Start of Block

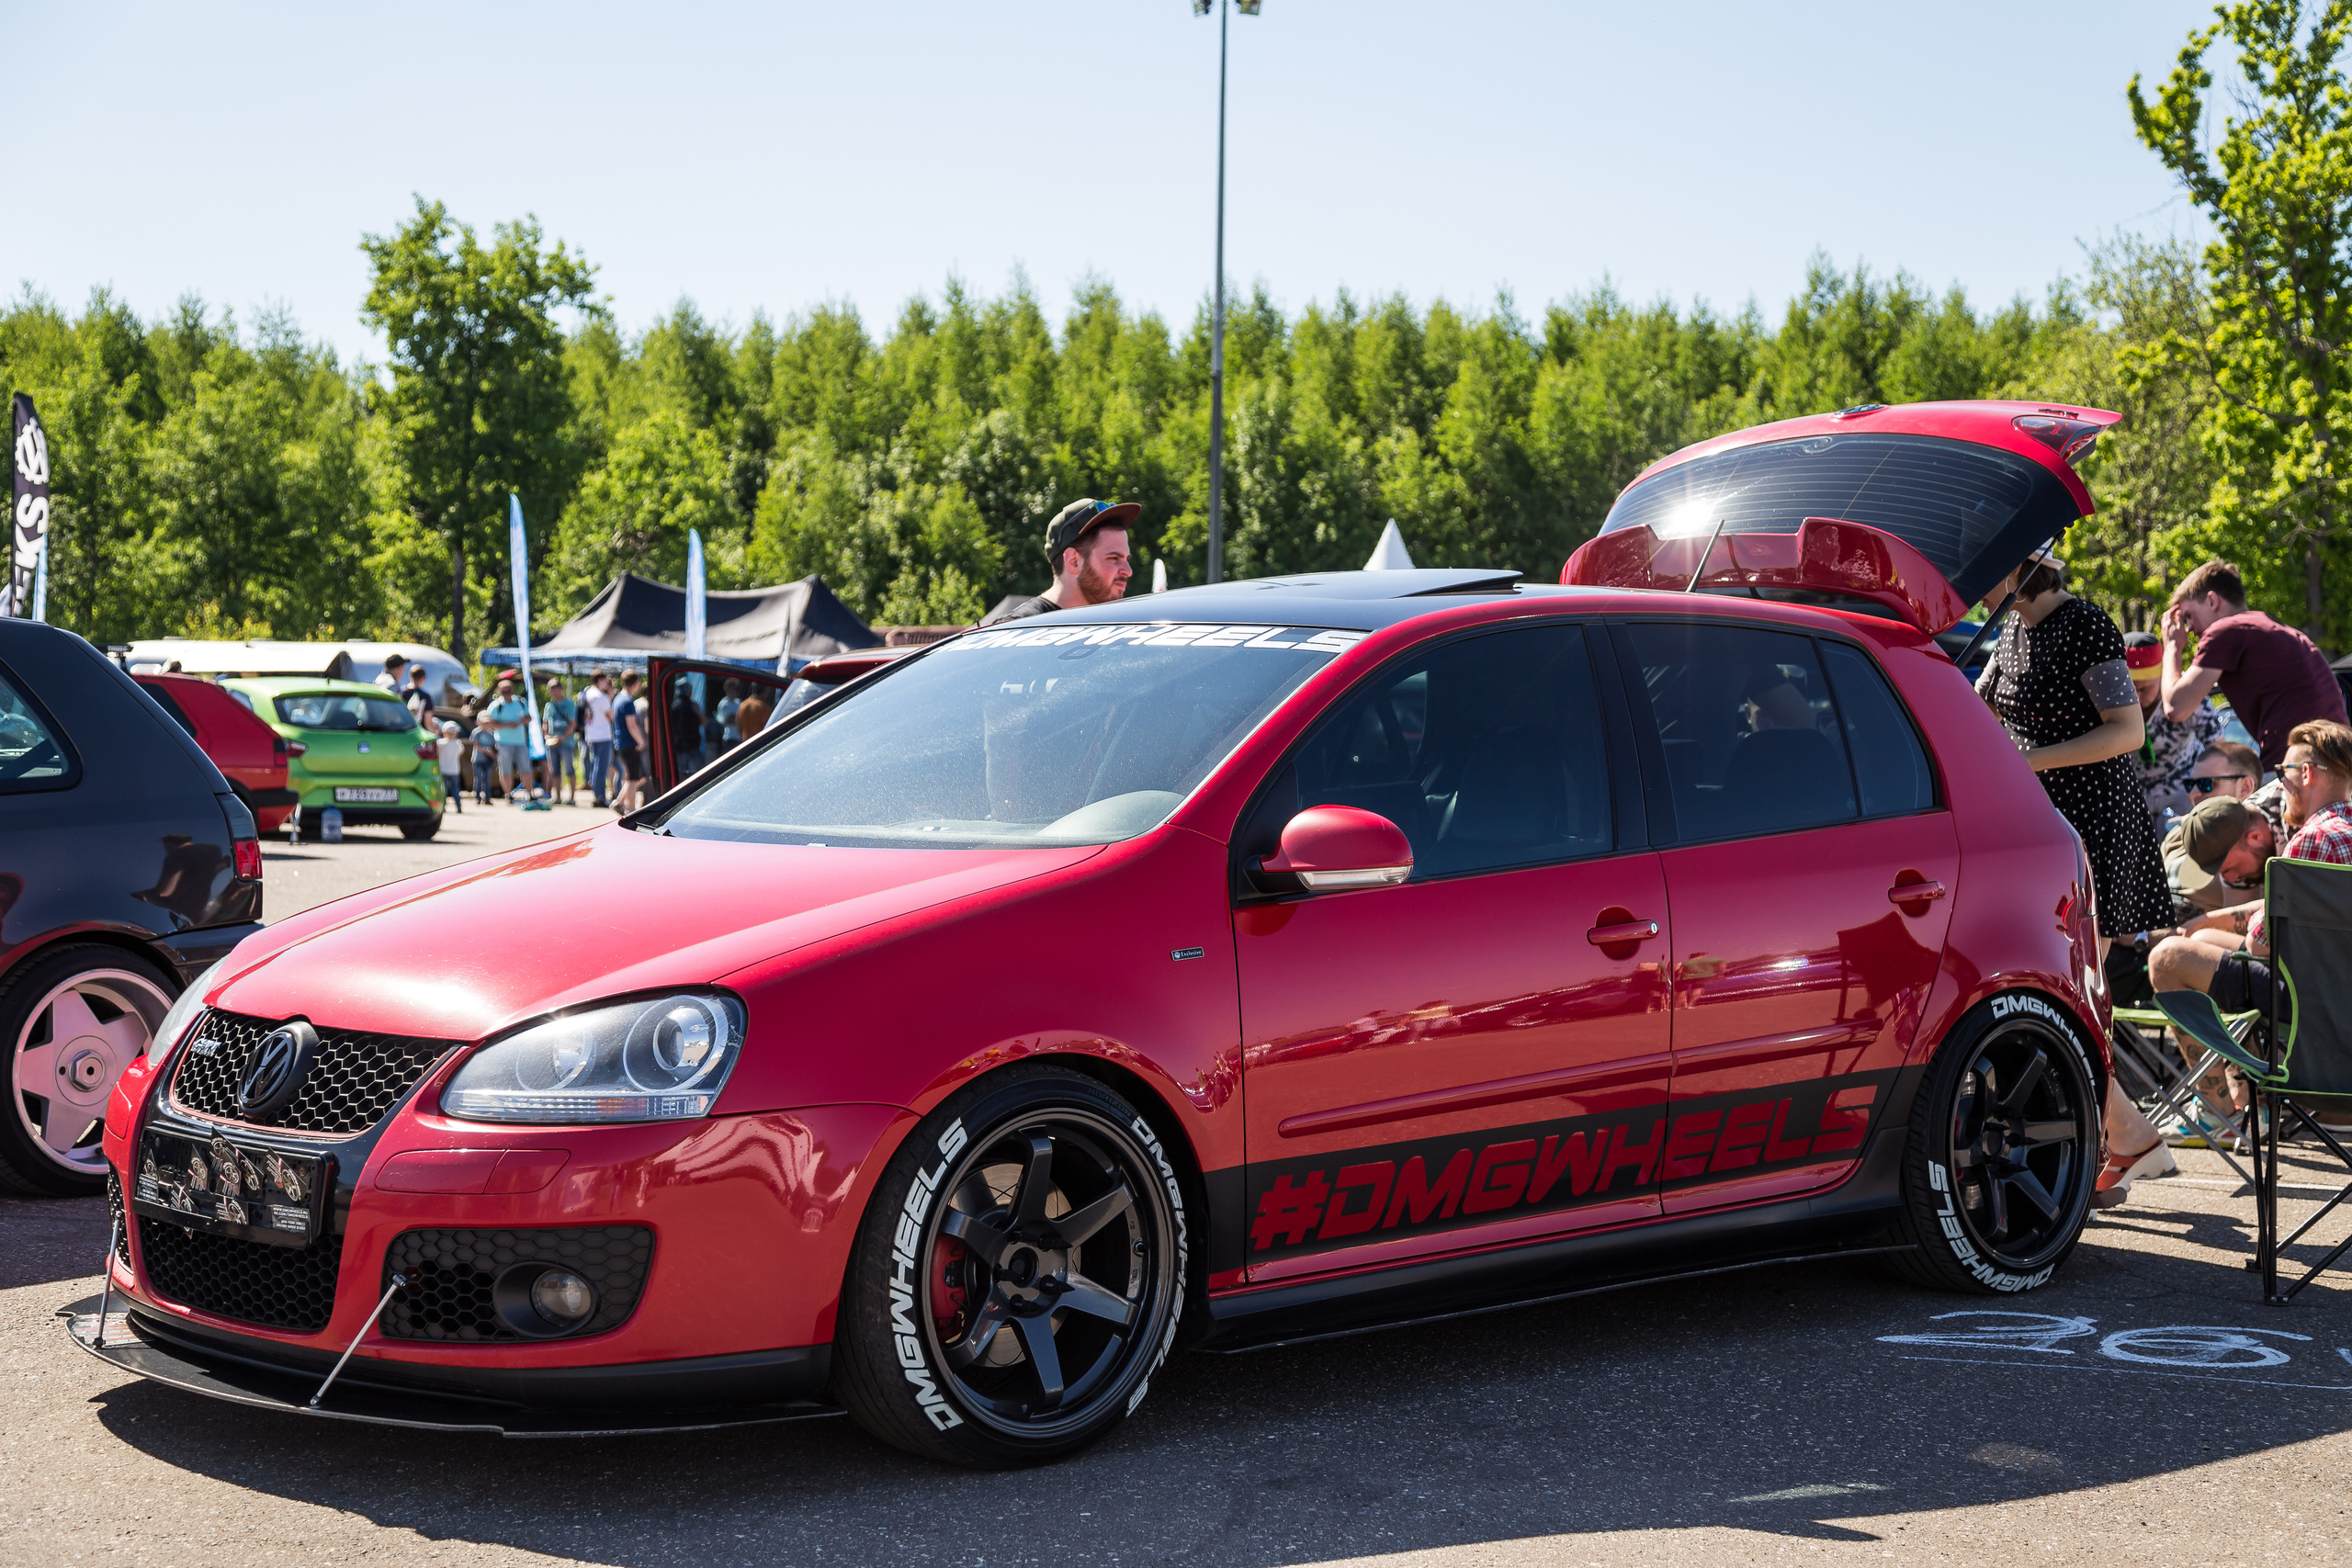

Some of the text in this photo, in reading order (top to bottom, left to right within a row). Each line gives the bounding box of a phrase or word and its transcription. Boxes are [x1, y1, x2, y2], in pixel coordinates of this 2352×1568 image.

[191, 1038, 221, 1056] GTI
[1087, 1087, 1133, 1118] HORIZON
[1250, 1085, 1877, 1251] #DMGWHEELS
[1928, 1160, 2055, 1292] DMGWHEELS
[889, 1117, 968, 1431] DMGWHEELS
[1125, 1115, 1188, 1417] DMGWHEELS

End of Block

Exercise ▸
Quote the records above in full, dropping each picture.

Expected output ▸
Some of the text in this photo, in reading order (top to bottom, left to right within a row). Each line gives the bounding box of a phrase or word and its transcription. Boxes are [x1, y1, x2, y2], in pixel coordinates of this 2352×1568 image.

[191, 1038, 221, 1056] GTI
[1087, 1087, 1133, 1118] HORIZON
[1250, 1085, 1877, 1251] #DMGWHEELS
[1928, 1160, 2055, 1292] DMGWHEELS
[889, 1117, 968, 1431] DMGWHEELS
[1125, 1115, 1188, 1417] DMGWHEELS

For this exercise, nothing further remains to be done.